Hugh Hefner Can’t Remember How Many Women He’s Banged. Like a Boss.
If you didn’t know better, Hugh Hefner would just be your average geriatric in a nightclub, wearing a captain’s hat and falling asleep surrounded by 30 beautiful women. But he isn’t. He’s Hugh effing Hefner, people, and he’s unsurprisingly taken so many women back to
Gollum’s lair his bedroom that he’s lost track.
“How could I possibly know? Over a thousand, I’m sure,” the 86-year-old mogul told Esquire. “There were chunks of my life when I was married, and when I was married I never cheated. But I made up for it when I wasn’t married. You have to keep your hand in.”
Hey, was that a euphemism, Hef? Because that’s actually really gross.
Anyway, he’s out of the game now (except for Pinochle — all old people play Pinochle) thanks to his recent marriage to 26-year-old Crystal Harris, to whom he says he’s completely committed. And “til death do you part” means a lot more when you’re his age.

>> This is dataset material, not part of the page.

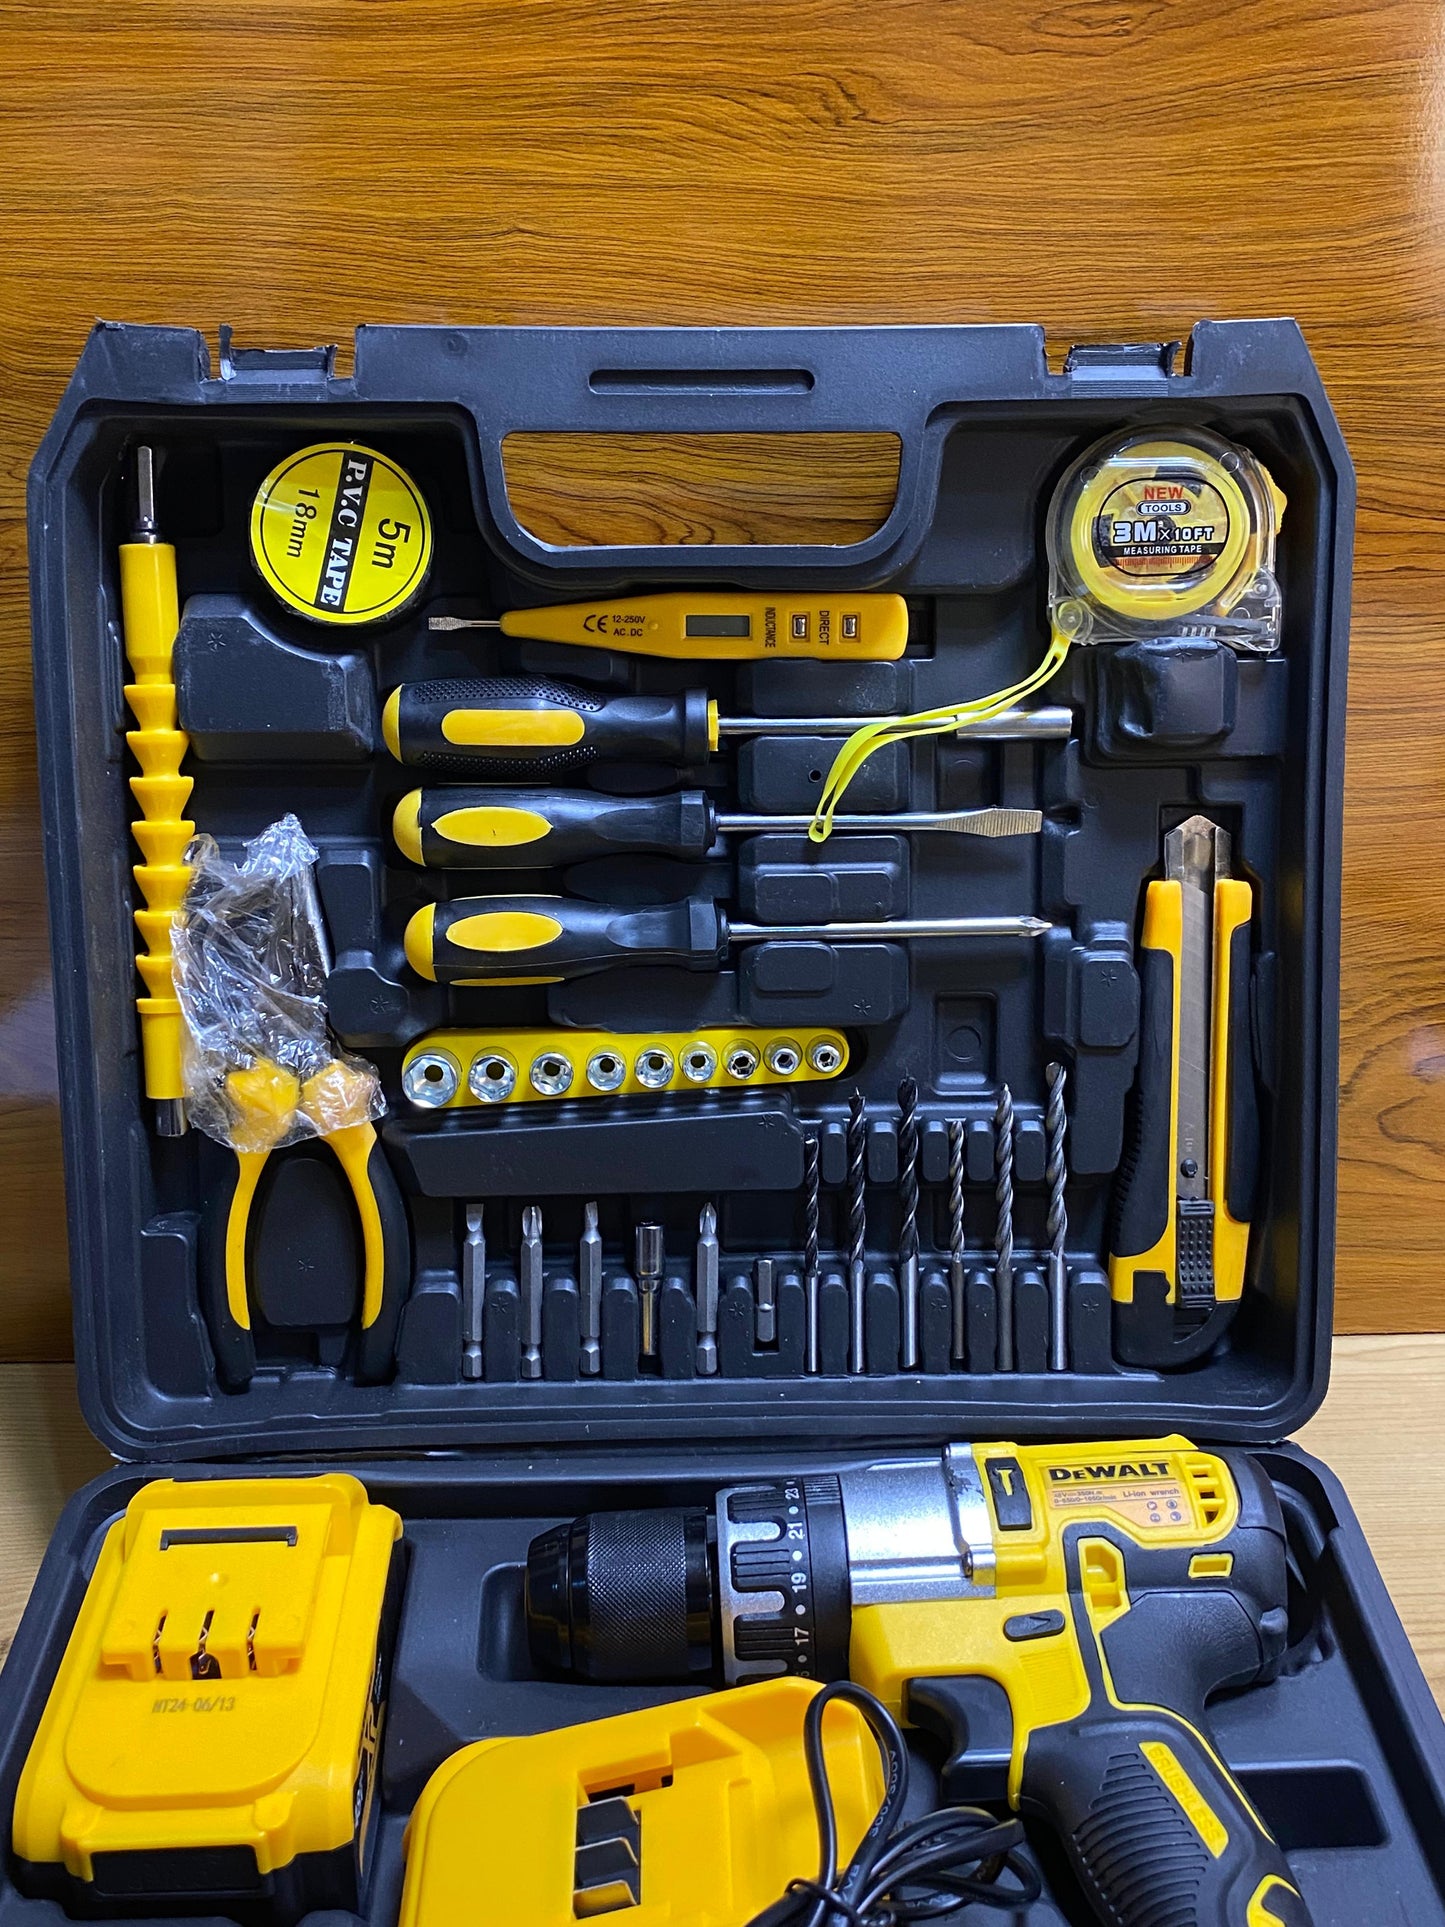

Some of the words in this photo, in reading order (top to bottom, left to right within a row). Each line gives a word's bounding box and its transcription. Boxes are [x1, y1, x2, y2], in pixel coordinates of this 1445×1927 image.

“I just feel very, very fortunate to have found her at this stage in my life. I saved the best till last,” he said about her.
Just don’t ask his new wife about their sex life. When HuffPost Live did that last month, Harris said, “Since Hef is older now and has had the phase of his life — the phases of all the girlfriends and all that kind of stuff — I feel now is more, you know like cuddling up and watching a movie or playing backgammon.”
Asked more pointedly whether or not they actually have conjugal visits, Crystal would only laugh and say, “Ah, I’m not gonna — no comment.”
All that and she’s not in the will? Maybe it really is love after all.